**What to do**. Since pictures are not wanted, repeat only the text of the records, word for word.

-- Dataset entries follows --

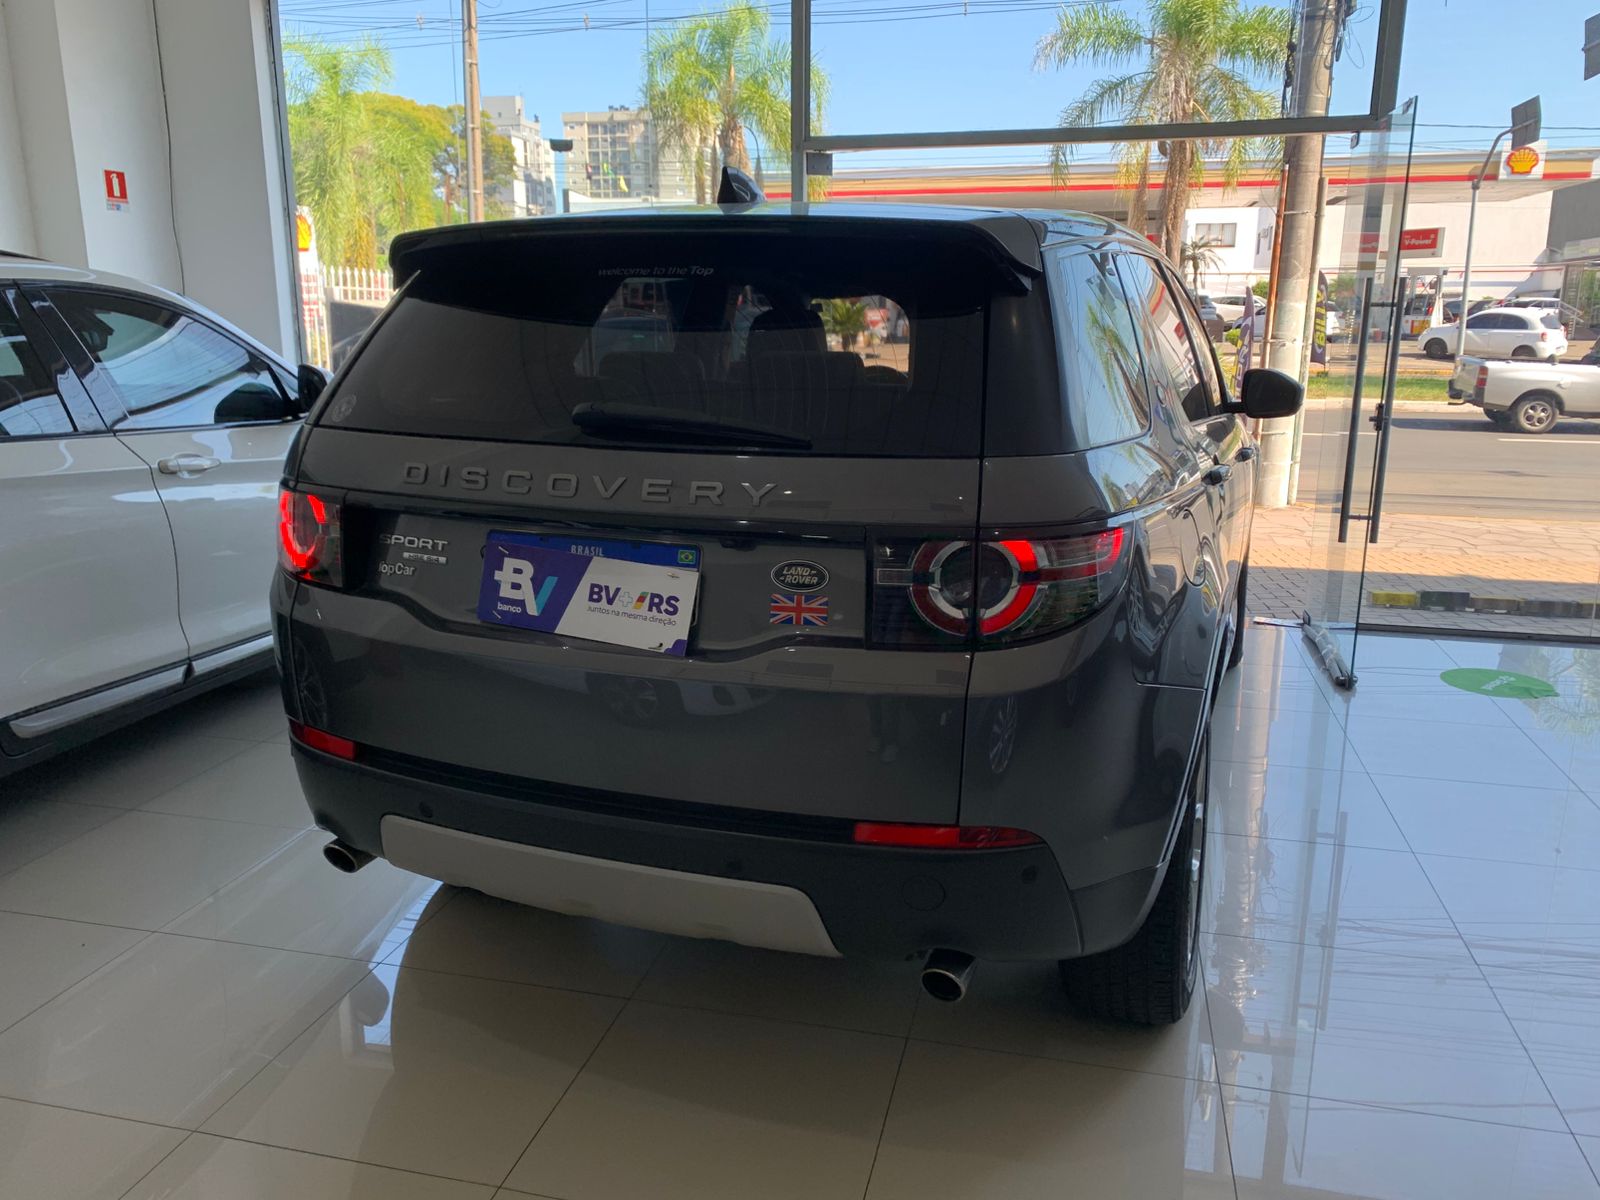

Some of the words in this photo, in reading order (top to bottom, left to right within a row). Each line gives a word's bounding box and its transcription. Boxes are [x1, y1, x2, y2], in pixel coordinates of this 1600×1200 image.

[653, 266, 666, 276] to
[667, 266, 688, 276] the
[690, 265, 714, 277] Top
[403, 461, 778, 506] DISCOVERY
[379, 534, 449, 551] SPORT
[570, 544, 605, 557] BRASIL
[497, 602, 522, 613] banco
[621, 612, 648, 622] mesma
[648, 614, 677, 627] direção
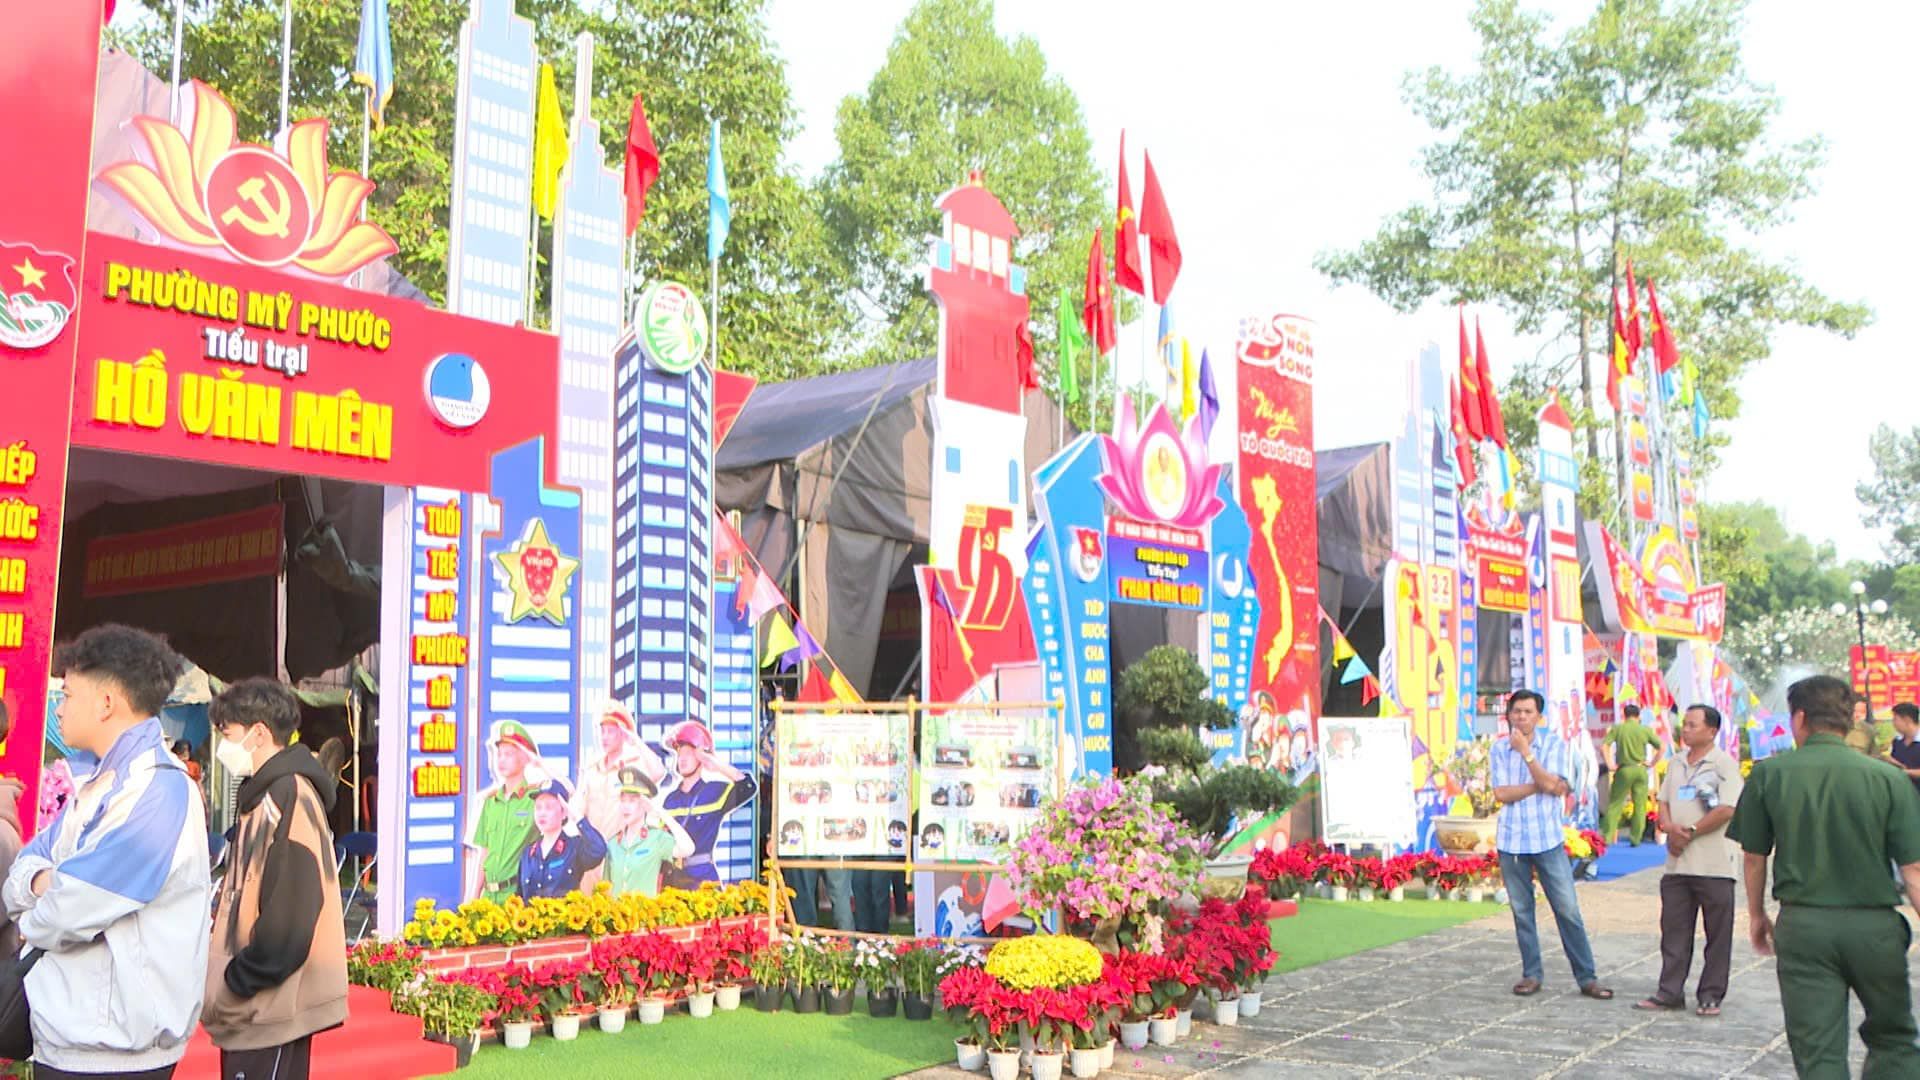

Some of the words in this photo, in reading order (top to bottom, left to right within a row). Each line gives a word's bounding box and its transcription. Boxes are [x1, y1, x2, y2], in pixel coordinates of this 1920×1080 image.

-- Dataset entries concluded --

**Answer for this exercise**.
Some of the words in this photo, in reading order (top to bottom, left to right within a row). Each line gives a word's bounding box and its transcription. Boxes are [x1, y1, x2, y2], in pixel coordinates of this 1600×1200 image.

[653, 266, 666, 276] to
[667, 266, 688, 276] the
[690, 265, 714, 277] Top
[403, 461, 778, 506] DISCOVERY
[379, 534, 449, 551] SPORT
[570, 544, 605, 557] BRASIL
[497, 602, 522, 613] banco
[621, 612, 648, 622] mesma
[648, 614, 677, 627] direção

Some of the words in this photo, in reading order (top to bottom, left to right within a row). Each line gives a word's bounding box and its transcription. Boxes are [x1, y1, x2, y2], in pixel coordinates of this 1920×1080 image.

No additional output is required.